Your assignment:
Return the data given below exactly as it appears.

[Records from a collection]
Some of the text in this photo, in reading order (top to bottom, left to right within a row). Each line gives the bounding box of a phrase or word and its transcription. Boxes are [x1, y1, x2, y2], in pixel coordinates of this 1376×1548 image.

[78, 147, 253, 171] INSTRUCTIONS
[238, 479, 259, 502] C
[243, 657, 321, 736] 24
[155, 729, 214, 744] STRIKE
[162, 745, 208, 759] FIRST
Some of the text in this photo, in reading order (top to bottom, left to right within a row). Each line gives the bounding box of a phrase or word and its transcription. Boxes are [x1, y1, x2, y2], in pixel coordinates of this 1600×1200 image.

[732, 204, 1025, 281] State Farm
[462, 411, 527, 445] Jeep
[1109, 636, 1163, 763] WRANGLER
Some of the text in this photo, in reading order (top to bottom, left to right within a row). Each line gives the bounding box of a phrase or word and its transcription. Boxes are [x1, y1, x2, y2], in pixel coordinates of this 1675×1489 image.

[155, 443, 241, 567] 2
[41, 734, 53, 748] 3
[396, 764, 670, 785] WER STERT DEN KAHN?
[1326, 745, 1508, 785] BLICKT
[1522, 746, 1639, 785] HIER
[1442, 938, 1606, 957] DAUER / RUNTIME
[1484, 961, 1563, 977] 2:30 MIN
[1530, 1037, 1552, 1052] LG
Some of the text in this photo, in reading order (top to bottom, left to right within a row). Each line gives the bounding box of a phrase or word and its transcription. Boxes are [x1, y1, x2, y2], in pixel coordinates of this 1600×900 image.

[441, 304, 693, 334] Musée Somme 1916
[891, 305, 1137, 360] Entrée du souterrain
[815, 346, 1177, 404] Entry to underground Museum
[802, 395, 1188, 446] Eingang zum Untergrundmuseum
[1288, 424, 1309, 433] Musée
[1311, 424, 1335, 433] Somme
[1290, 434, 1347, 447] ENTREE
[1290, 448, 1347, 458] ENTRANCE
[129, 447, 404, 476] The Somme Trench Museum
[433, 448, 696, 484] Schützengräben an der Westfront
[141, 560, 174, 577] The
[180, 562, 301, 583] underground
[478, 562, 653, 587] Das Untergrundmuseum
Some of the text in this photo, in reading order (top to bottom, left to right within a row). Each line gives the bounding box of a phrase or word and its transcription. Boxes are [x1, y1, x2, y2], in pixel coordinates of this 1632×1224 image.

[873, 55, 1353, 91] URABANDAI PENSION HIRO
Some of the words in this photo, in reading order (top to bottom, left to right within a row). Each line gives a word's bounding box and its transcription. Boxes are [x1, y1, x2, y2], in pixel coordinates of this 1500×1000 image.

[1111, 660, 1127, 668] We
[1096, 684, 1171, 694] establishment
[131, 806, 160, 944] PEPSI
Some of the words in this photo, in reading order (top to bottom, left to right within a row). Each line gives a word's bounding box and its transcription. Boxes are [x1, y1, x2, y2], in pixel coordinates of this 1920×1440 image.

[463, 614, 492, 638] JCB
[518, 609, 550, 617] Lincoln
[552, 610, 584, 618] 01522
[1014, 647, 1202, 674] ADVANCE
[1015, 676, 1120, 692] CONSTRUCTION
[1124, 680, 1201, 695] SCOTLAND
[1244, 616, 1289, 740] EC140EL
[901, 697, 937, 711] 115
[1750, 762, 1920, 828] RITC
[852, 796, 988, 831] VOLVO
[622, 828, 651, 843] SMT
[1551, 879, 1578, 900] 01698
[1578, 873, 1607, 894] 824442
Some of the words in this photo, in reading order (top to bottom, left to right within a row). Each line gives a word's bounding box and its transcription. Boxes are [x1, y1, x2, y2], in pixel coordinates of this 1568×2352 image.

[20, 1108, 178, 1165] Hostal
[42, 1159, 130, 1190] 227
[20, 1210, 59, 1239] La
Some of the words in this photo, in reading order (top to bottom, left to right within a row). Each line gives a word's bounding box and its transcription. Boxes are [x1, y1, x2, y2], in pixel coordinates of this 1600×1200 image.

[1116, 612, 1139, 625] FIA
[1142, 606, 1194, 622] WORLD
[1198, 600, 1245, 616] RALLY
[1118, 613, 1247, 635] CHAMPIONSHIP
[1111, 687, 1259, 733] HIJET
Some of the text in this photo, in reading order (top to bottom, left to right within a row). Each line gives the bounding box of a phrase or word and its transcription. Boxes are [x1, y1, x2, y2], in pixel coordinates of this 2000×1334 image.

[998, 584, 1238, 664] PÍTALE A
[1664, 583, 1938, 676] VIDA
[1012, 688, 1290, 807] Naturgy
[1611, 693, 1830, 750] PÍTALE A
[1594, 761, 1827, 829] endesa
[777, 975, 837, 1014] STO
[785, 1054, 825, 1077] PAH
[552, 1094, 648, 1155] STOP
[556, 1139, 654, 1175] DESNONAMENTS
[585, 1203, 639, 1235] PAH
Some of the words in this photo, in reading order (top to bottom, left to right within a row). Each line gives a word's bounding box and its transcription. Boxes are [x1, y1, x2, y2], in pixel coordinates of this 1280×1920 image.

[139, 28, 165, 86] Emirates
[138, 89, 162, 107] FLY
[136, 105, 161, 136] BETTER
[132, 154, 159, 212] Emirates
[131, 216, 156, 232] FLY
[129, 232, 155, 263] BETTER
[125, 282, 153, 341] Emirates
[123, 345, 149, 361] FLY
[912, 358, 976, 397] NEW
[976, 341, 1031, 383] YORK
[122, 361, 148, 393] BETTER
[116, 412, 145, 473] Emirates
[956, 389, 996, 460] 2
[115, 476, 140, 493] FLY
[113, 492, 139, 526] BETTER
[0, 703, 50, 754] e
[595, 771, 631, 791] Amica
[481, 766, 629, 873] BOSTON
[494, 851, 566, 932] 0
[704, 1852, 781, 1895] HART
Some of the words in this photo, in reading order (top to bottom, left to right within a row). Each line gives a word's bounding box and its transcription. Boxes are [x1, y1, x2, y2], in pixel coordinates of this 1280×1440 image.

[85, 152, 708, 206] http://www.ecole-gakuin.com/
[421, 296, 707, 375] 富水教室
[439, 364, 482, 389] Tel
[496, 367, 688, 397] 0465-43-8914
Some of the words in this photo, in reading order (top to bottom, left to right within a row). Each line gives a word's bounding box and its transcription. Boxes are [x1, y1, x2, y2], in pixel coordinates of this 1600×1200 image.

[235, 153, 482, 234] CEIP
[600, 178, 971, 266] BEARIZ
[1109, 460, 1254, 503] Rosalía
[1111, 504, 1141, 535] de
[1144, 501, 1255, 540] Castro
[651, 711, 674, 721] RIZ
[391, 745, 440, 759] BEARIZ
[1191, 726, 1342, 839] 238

Worked solution:
Some of the text in this photo, in reading order (top to bottom, left to right within a row). Each line gives the bounding box of a phrase or word and its transcription. Boxes are [x1, y1, x2, y2], in pixel coordinates of this 1376×1548 image.

[78, 147, 253, 171] INSTRUCTIONS
[238, 479, 259, 502] C
[243, 657, 321, 736] 24
[155, 729, 214, 744] STRIKE
[162, 745, 208, 759] FIRST
Some of the text in this photo, in reading order (top to bottom, left to right within a row). Each line gives the bounding box of a phrase or word and its transcription. Boxes are [x1, y1, x2, y2], in pixel coordinates of this 1600×1200 image.

[732, 204, 1025, 281] State Farm
[462, 411, 527, 445] Jeep
[1109, 636, 1163, 763] WRANGLER
Some of the text in this photo, in reading order (top to bottom, left to right within a row). Each line gives the bounding box of a phrase or word and its transcription. Boxes are [x1, y1, x2, y2], in pixel coordinates of this 1675×1489 image.

[155, 443, 241, 567] 2
[41, 734, 53, 748] 3
[396, 764, 670, 785] WER STERT DEN KAHN?
[1326, 745, 1508, 785] BLICKT
[1522, 746, 1639, 785] HIER
[1442, 938, 1606, 957] DAUER / RUNTIME
[1484, 961, 1563, 977] 2:30 MIN
[1530, 1037, 1552, 1052] LG
Some of the text in this photo, in reading order (top to bottom, left to right within a row). Each line gives the bounding box of a phrase or word and its transcription. Boxes are [x1, y1, x2, y2], in pixel coordinates of this 1600×900 image.

[441, 304, 693, 334] Musée Somme 1916
[891, 305, 1137, 360] Entrée du souterrain
[815, 346, 1177, 404] Entry to underground Museum
[802, 395, 1188, 446] Eingang zum Untergrundmuseum
[1288, 424, 1309, 433] Musée
[1311, 424, 1335, 433] Somme
[1290, 434, 1347, 447] ENTREE
[1290, 448, 1347, 458] ENTRANCE
[129, 447, 404, 476] The Somme Trench Museum
[433, 448, 696, 484] Schützengräben an der Westfront
[141, 560, 174, 577] The
[180, 562, 301, 583] underground
[478, 562, 653, 587] Das Untergrundmuseum
Some of the text in this photo, in reading order (top to bottom, left to right within a row). Each line gives the bounding box of a phrase or word and its transcription. Boxes are [x1, y1, x2, y2], in pixel coordinates of this 1632×1224 image.

[873, 55, 1353, 91] URABANDAI PENSION HIRO
Some of the words in this photo, in reading order (top to bottom, left to right within a row). Each line gives a word's bounding box and its transcription. Boxes are [x1, y1, x2, y2], in pixel coordinates of this 1500×1000 image.

[1111, 660, 1127, 668] We
[1096, 684, 1171, 694] establishment
[131, 806, 160, 944] PEPSI
Some of the words in this photo, in reading order (top to bottom, left to right within a row). Each line gives a word's bounding box and its transcription. Boxes are [x1, y1, x2, y2], in pixel coordinates of this 1920×1440 image.

[463, 614, 492, 638] JCB
[518, 609, 550, 617] Lincoln
[552, 610, 584, 618] 01522
[1014, 647, 1202, 674] ADVANCE
[1015, 676, 1120, 692] CONSTRUCTION
[1124, 680, 1201, 695] SCOTLAND
[1244, 616, 1289, 740] EC140EL
[901, 697, 937, 711] 115
[1750, 762, 1920, 828] RITC
[852, 796, 988, 831] VOLVO
[622, 828, 651, 843] SMT
[1551, 879, 1578, 900] 01698
[1578, 873, 1607, 894] 824442
Some of the words in this photo, in reading order (top to bottom, left to right within a row). Each line gives a word's bounding box and its transcription. Boxes are [x1, y1, x2, y2], in pixel coordinates of this 1568×2352 image.

[20, 1108, 178, 1165] Hostal
[42, 1159, 130, 1190] 227
[20, 1210, 59, 1239] La
Some of the words in this photo, in reading order (top to bottom, left to right within a row). Each line gives a word's bounding box and its transcription. Boxes are [x1, y1, x2, y2], in pixel coordinates of this 1600×1200 image.

[1116, 612, 1139, 625] FIA
[1142, 606, 1194, 622] WORLD
[1198, 600, 1245, 616] RALLY
[1118, 613, 1247, 635] CHAMPIONSHIP
[1111, 687, 1259, 733] HIJET
Some of the text in this photo, in reading order (top to bottom, left to right within a row). Each line gives the bounding box of a phrase or word and its transcription. Boxes are [x1, y1, x2, y2], in pixel coordinates of this 2000×1334 image.

[998, 584, 1238, 664] PÍTALE A
[1664, 583, 1938, 676] VIDA
[1012, 688, 1290, 807] Naturgy
[1611, 693, 1830, 750] PÍTALE A
[1594, 761, 1827, 829] endesa
[777, 975, 837, 1014] STO
[785, 1054, 825, 1077] PAH
[552, 1094, 648, 1155] STOP
[556, 1139, 654, 1175] DESNONAMENTS
[585, 1203, 639, 1235] PAH
Some of the words in this photo, in reading order (top to bottom, left to right within a row). Each line gives a word's bounding box and its transcription. Boxes are [x1, y1, x2, y2], in pixel coordinates of this 1280×1920 image.

[139, 28, 165, 86] Emirates
[138, 89, 162, 107] FLY
[136, 105, 161, 136] BETTER
[132, 154, 159, 212] Emirates
[131, 216, 156, 232] FLY
[129, 232, 155, 263] BETTER
[125, 282, 153, 341] Emirates
[123, 345, 149, 361] FLY
[912, 358, 976, 397] NEW
[976, 341, 1031, 383] YORK
[122, 361, 148, 393] BETTER
[116, 412, 145, 473] Emirates
[956, 389, 996, 460] 2
[115, 476, 140, 493] FLY
[113, 492, 139, 526] BETTER
[0, 703, 50, 754] e
[595, 771, 631, 791] Amica
[481, 766, 629, 873] BOSTON
[494, 851, 566, 932] 0
[704, 1852, 781, 1895] HART
Some of the words in this photo, in reading order (top to bottom, left to right within a row). Each line gives a word's bounding box and its transcription. Boxes are [x1, y1, x2, y2], in pixel coordinates of this 1280×1440 image.

[85, 152, 708, 206] http://www.ecole-gakuin.com/
[421, 296, 707, 375] 富水教室
[439, 364, 482, 389] Tel
[496, 367, 688, 397] 0465-43-8914
Some of the words in this photo, in reading order (top to bottom, left to right within a row). Each line gives a word's bounding box and its transcription. Boxes are [x1, y1, x2, y2], in pixel coordinates of this 1600×1200 image.

[235, 153, 482, 234] CEIP
[600, 178, 971, 266] BEARIZ
[1109, 460, 1254, 503] Rosalía
[1111, 504, 1141, 535] de
[1144, 501, 1255, 540] Castro
[651, 711, 674, 721] RIZ
[391, 745, 440, 759] BEARIZ
[1191, 726, 1342, 839] 238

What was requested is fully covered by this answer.